Before Master Commandant Oliver Hazard Perry could fight for control of Lake Erie he had to build his fleet. Construction of two brigs (two masted vessels) was already underway at Presque Isle when Perry arrived on the scene, in March 1813, relieving Lt. Jesse Elliot. Perry immediately found his biggest difficulties weren’t completing the ships, but manning and arming them. Cannon were brought to the shipyard from as far away as Chesapeake Bay. Perry found other small gunboats on the lake and added them to his fleet after the British abandoned Fort Erie in the spring. As the American squadron took shape the British was doing the same.

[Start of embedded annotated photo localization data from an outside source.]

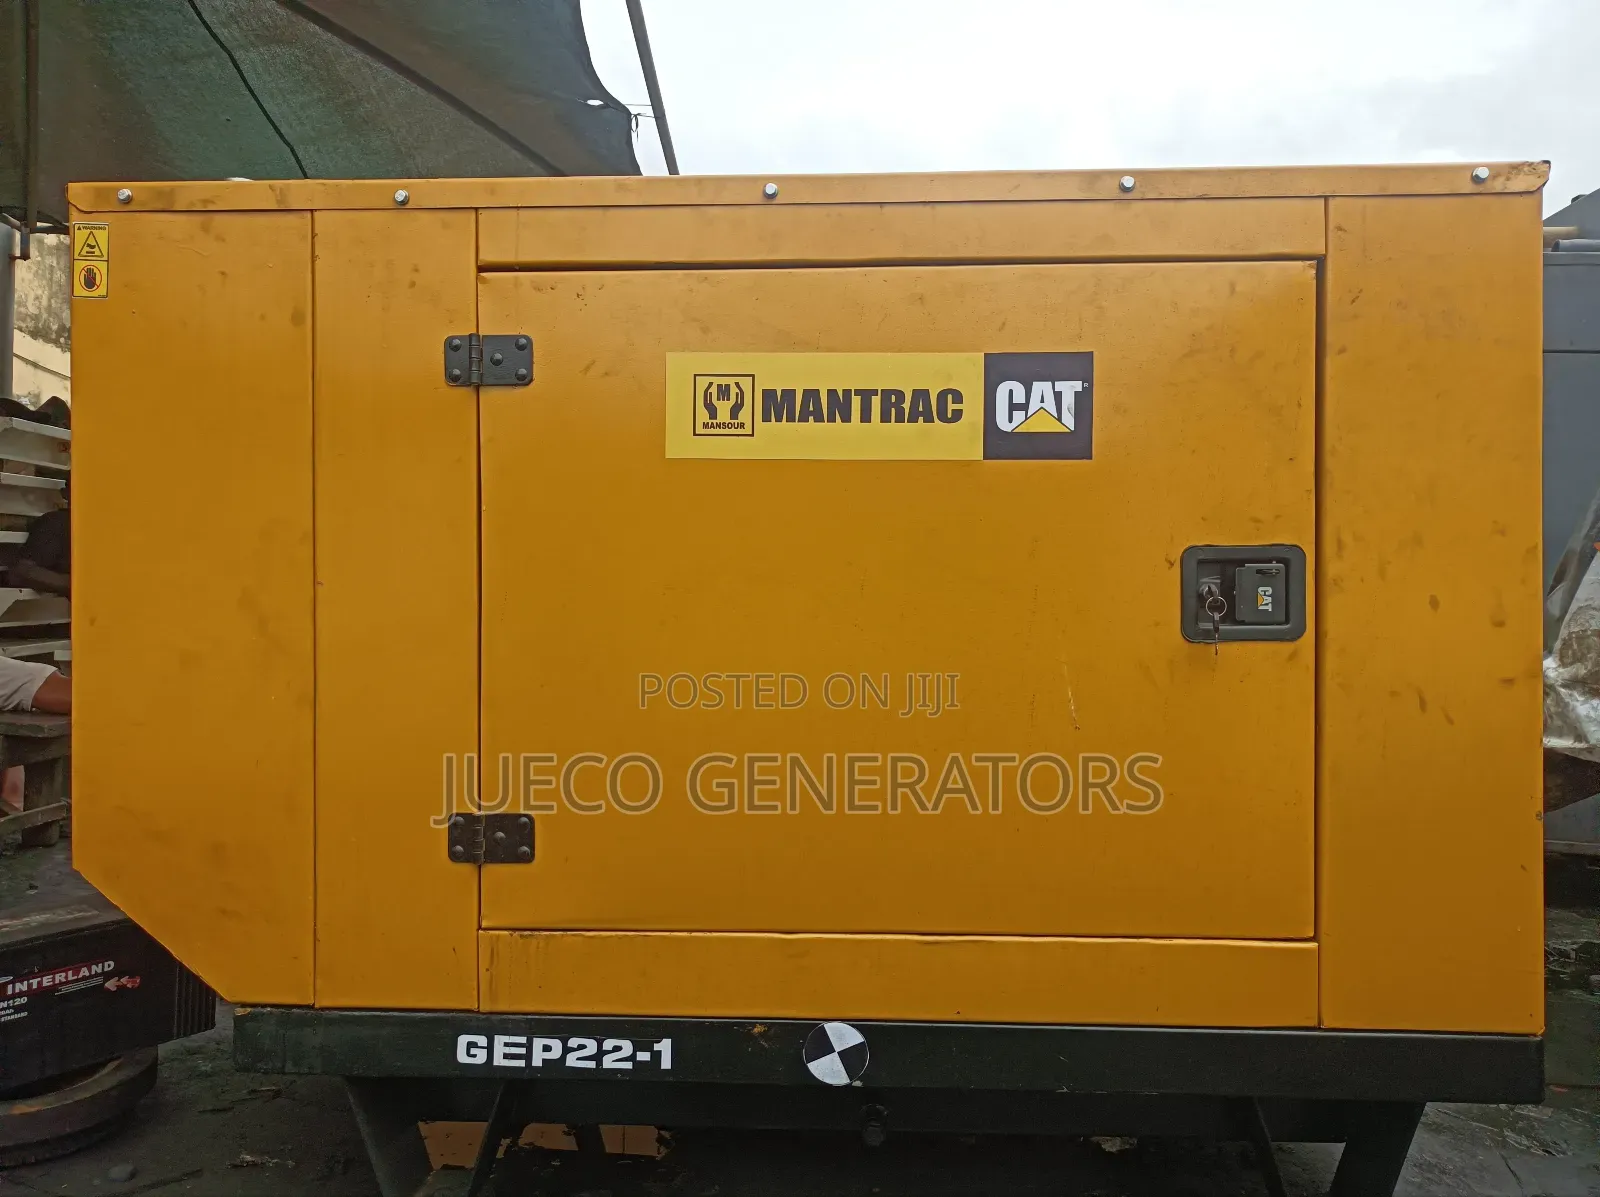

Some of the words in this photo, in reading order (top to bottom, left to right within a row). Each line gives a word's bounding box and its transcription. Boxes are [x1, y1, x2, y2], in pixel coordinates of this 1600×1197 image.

[716, 383, 731, 402] M
[761, 388, 964, 424] MANTRAC
[995, 380, 1083, 433] CAT
[702, 421, 746, 430] MANSOUR
[1257, 586, 1273, 612] CAT
[7, 960, 115, 996] INTERLAND
[456, 1033, 673, 1070] GEP22-1
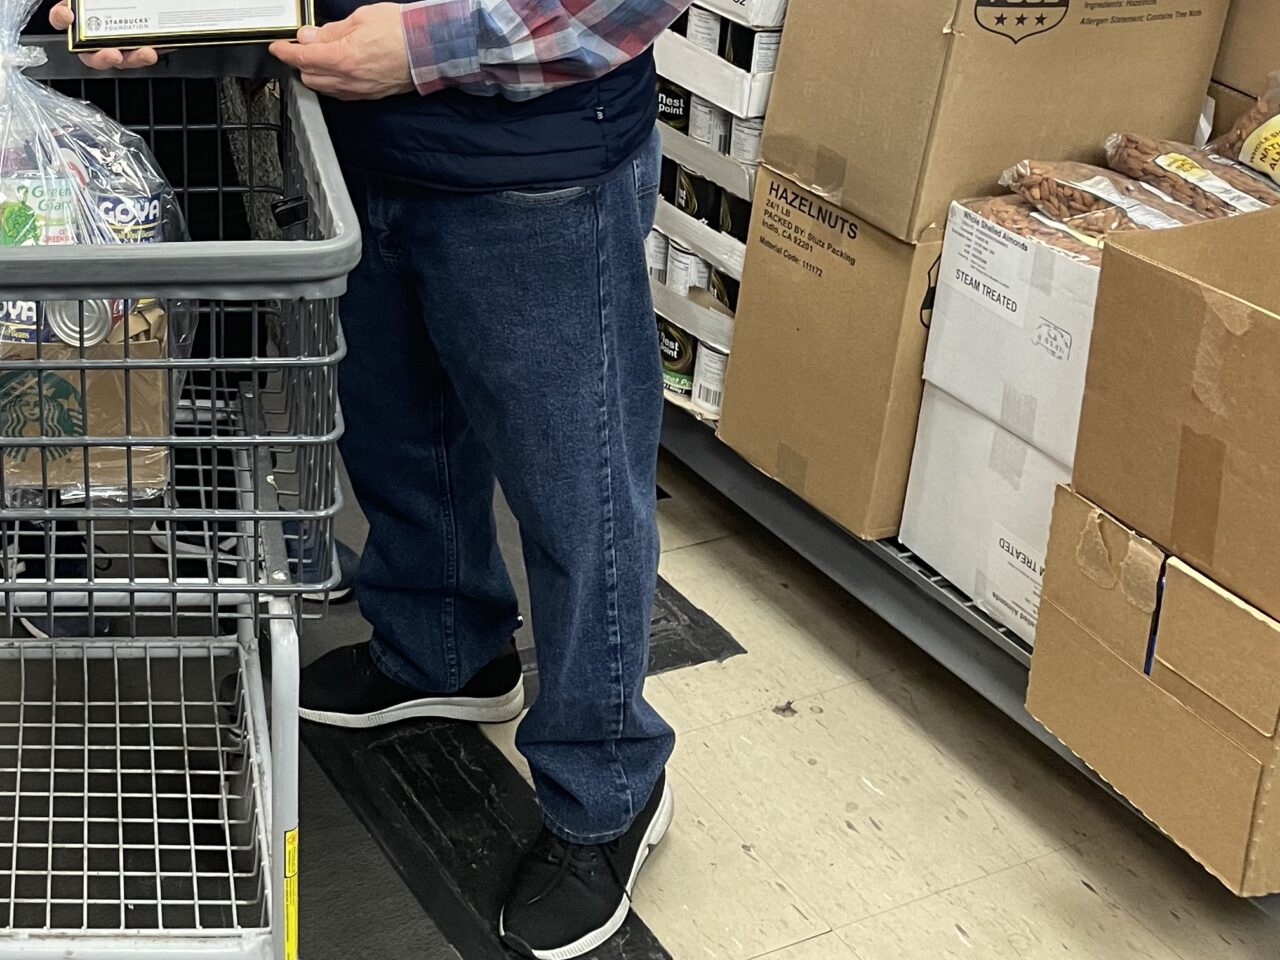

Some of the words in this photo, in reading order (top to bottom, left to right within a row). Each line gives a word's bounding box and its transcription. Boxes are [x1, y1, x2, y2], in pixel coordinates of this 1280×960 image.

[104, 17, 148, 26] STARBUCKS
[104, 24, 149, 32] FOUNDATION
[658, 92, 685, 108] nest
[658, 103, 684, 116] point
[31, 185, 71, 199] Green
[98, 197, 161, 224] GOYA
[768, 180, 859, 240] HAZELNUTS
[781, 206, 792, 218] LB
[763, 208, 793, 230] PACKED
[793, 224, 806, 238] BY:
[826, 243, 856, 267] Packing
[781, 229, 793, 242] CA
[962, 209, 981, 227] Whole
[980, 218, 1002, 239] Shelled
[1002, 231, 1028, 252] Almonds
[955, 268, 981, 292] STEAM
[981, 283, 1018, 314] TREATED
[660, 331, 680, 352] nest
[998, 537, 1037, 574] TREATED

Commanded by Robert Barclay, the British squadron was likewise short of men. Barclay took troops from the Canadian militia and whatever experienced boat handlers he could find, and set out in two ships to ascertain whether Perry’s busy shipyard could be attacked. He found it too well defended to attack from water or shore. Guns intended for the British flagship HMS Detroit had been captured during a raid on York (now Toronto) and were in American hands. Probably the best built ship on Lake Erie, Detroit was armed with a hodgepodge of available guns. Some of them lacked firing locks and had to be fired by fuse or by filling the vents with gunpowder.
In July Perry’s ships were complete and he received a detachment of seamen from Boston, including 50 hands who had served in the Constitution when it defeated Guerriere and Java the preceding year. After completing the backbreaking job of getting Perry’s ships over the sandbar which protected the entrance of the harbor, the fleet began operations on Lake Erie in August, 1813. Barclay, low on supplies, could do little and after Perry cruised from Sandusky, where he received further volunteers for his ships from the Army of the Northwest, in the form of gunners, he sailed to Amherstberg and then to establish an anchorage at Put-in-Bay, effectively blockading Barclay.

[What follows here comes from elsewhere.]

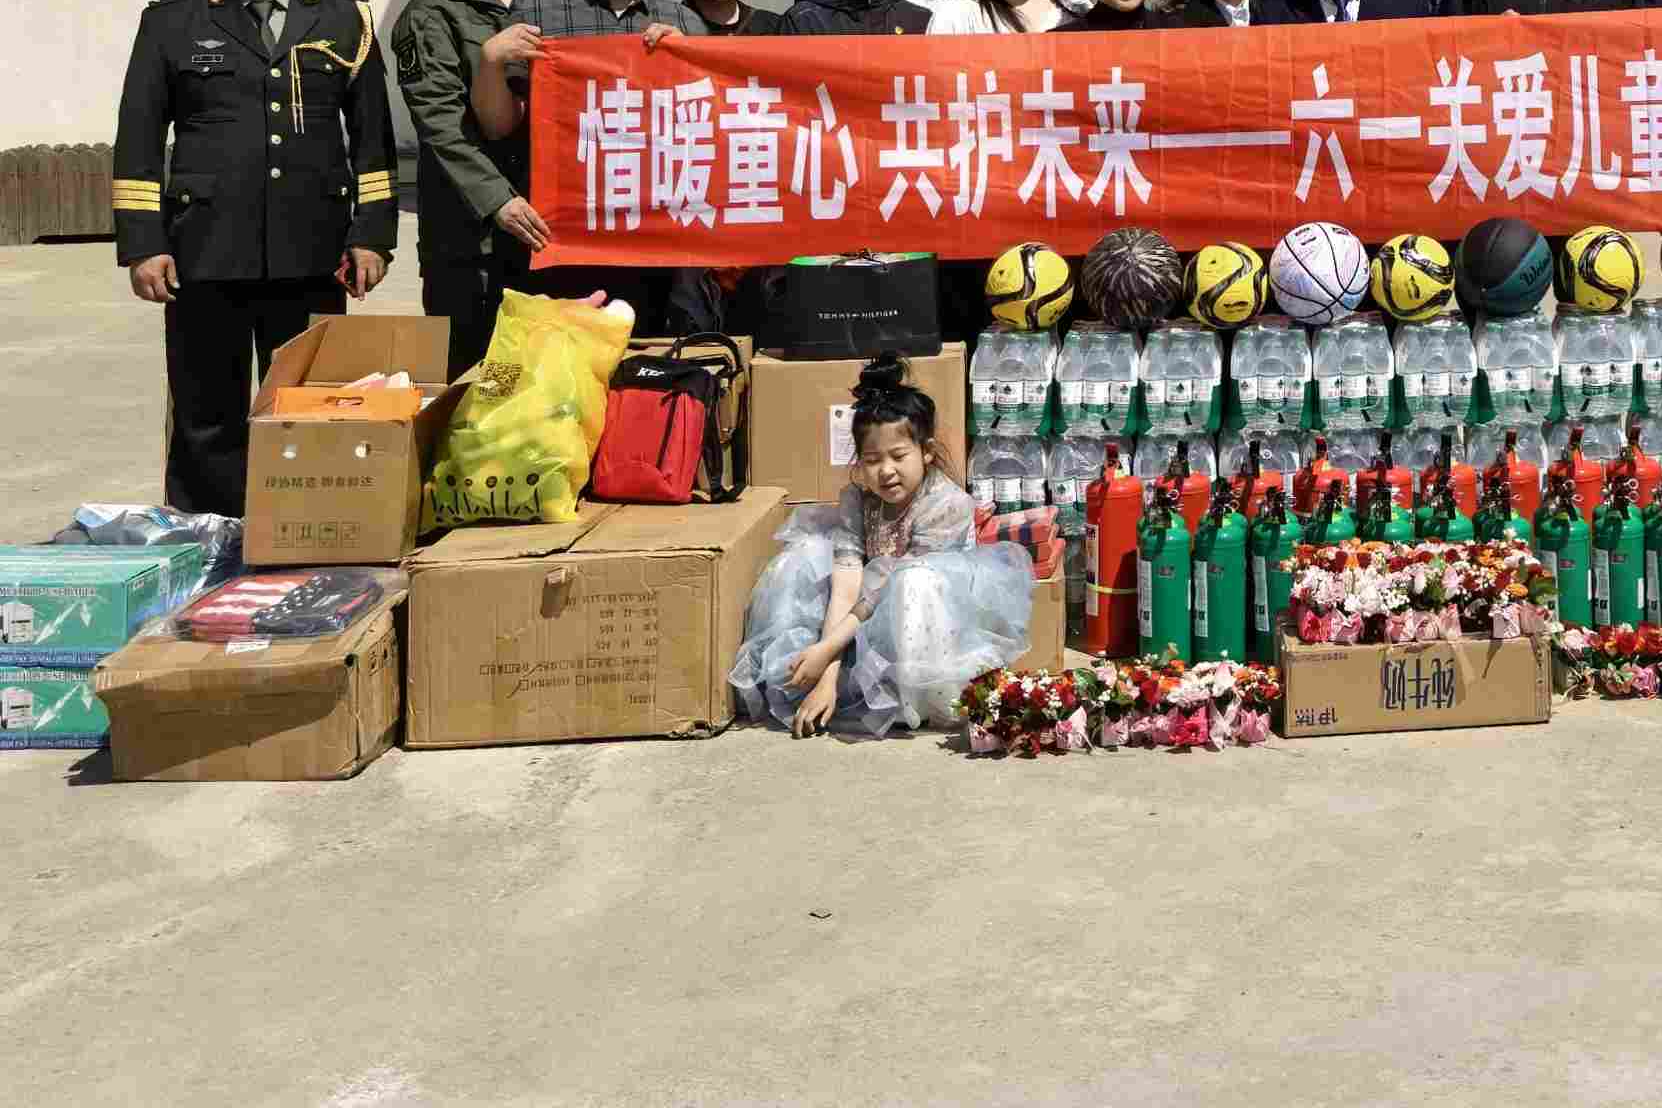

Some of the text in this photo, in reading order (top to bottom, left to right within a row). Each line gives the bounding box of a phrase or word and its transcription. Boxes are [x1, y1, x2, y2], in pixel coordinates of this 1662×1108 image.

Barclay’s supplies continued to dwindle and the presence of the large number of Tecumseh’s warriors and their families on the Thames River put further pressure on the British. Barclay had no choice but to give battle to the Americans at Put-in-Bay. Reinforced by some sailors and officers from a British merchantman at Quebec, Barclay sailed to the American anchorage. The Americans sighted the British in the morning of September 9, 1813, and with Perry in the lead in the new brig USS Lawrence sailed to meet them. Perry was flying a blue flag which read “Don’t Give Up The Ship”, the dying words of his friend James Lawrence, who was killed in battle during the capture of USS Chesapeake.

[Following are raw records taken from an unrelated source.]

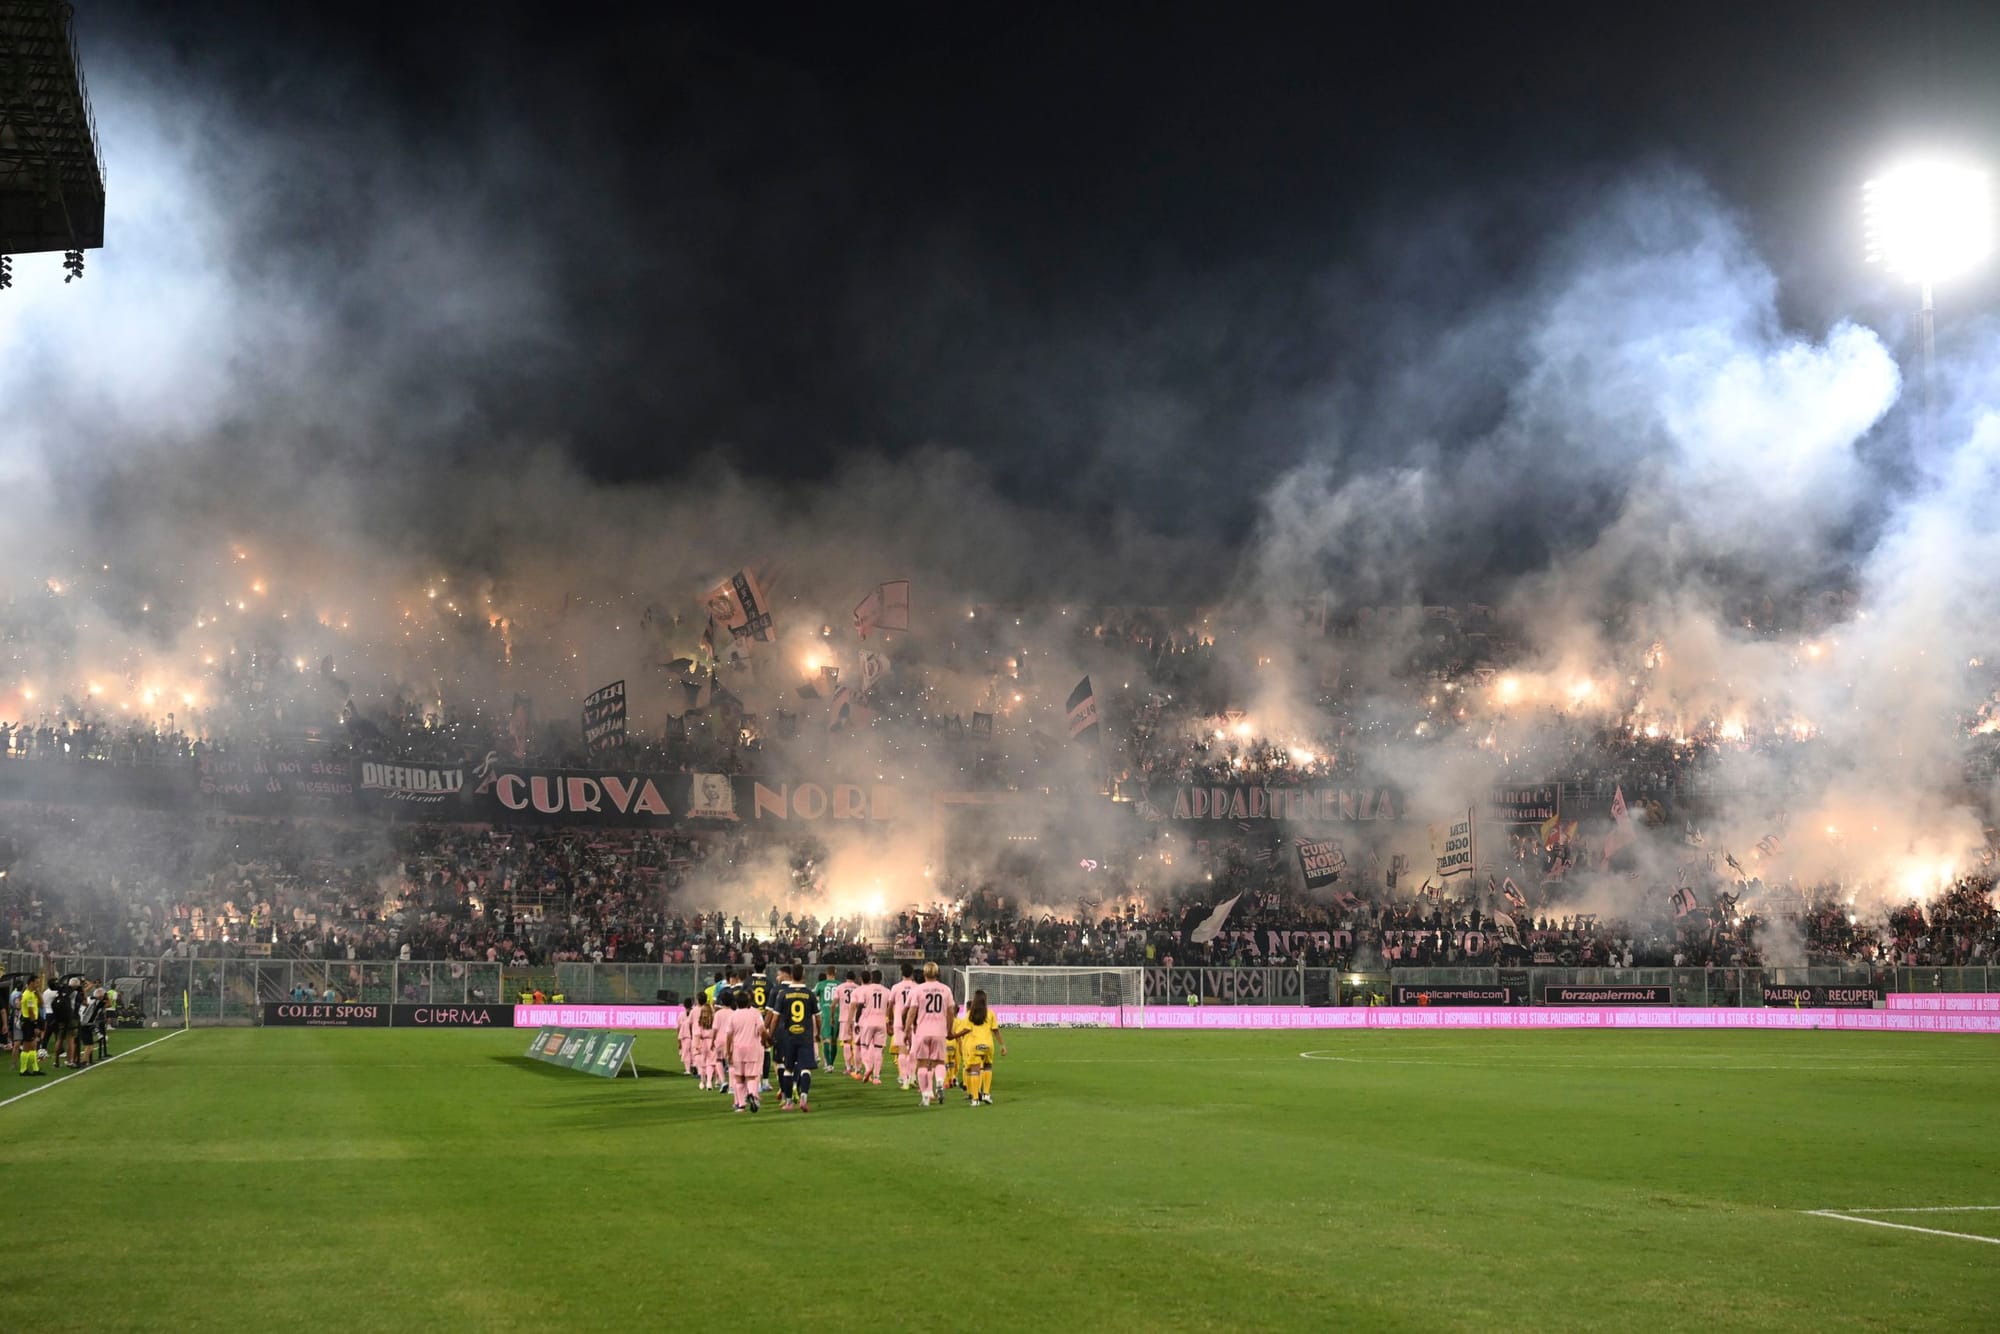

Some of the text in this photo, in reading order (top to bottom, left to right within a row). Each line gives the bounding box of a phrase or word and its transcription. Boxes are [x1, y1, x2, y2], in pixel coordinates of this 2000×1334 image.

[362, 762, 464, 790] DIFFIDATI
[384, 791, 445, 803] Palermo
[496, 773, 670, 815] CURVA
[1172, 787, 1396, 820] APPARTENENZA
[1207, 970, 1298, 1000] VECCHIO
[754, 987, 766, 1006] 6
[873, 993, 882, 1008] 11
[1561, 989, 1656, 1002] forzapalermo.it
[1764, 989, 1878, 1001] PALERMO RECUPERI
[925, 993, 942, 1013] 20
[278, 1005, 377, 1018] COLET SPOSI
[517, 1010, 527, 1024] LA
[530, 1010, 558, 1024] NUOVA
[560, 1010, 608, 1024] COLLEZIONE
[616, 1010, 664, 1024] DISPONIBILE
[668, 1010, 677, 1024] IN
[791, 1000, 805, 1024] 9
[1369, 1012, 1377, 1024] LA
[1379, 1012, 1399, 1024] NUOVA
[1402, 1012, 1437, 1024] COLLEZIONE
[1445, 1012, 1482, 1024] DISPONIBILE
[1493, 1012, 1512, 1024] STORE
[1530, 1012, 1600, 1024] STORE.PALERMOFC.COM
[1606, 1013, 1613, 1024] LA
[1727, 1013, 1748, 1024] STORE

The Battle of Lake Erie was a complete victory for the Americans and led to the later capture of Amherstberg and the attack on Tecumseh’s forces at the Battle of the Thames. Perry established the precedent of a US commander of a naval force transferring his flag in the heat of battle when his flagship could no longer serve. America retained control of Lake Erie for the rest of the war. All six of the Royal Navy vessels involved in the battle were captured. It was the first decisive action of the United States Navy which affected the land campaigns carried out in the war, indeed in any war. The victory also ensured that Pittsburgh and the Ohio Valley were secure from British attack.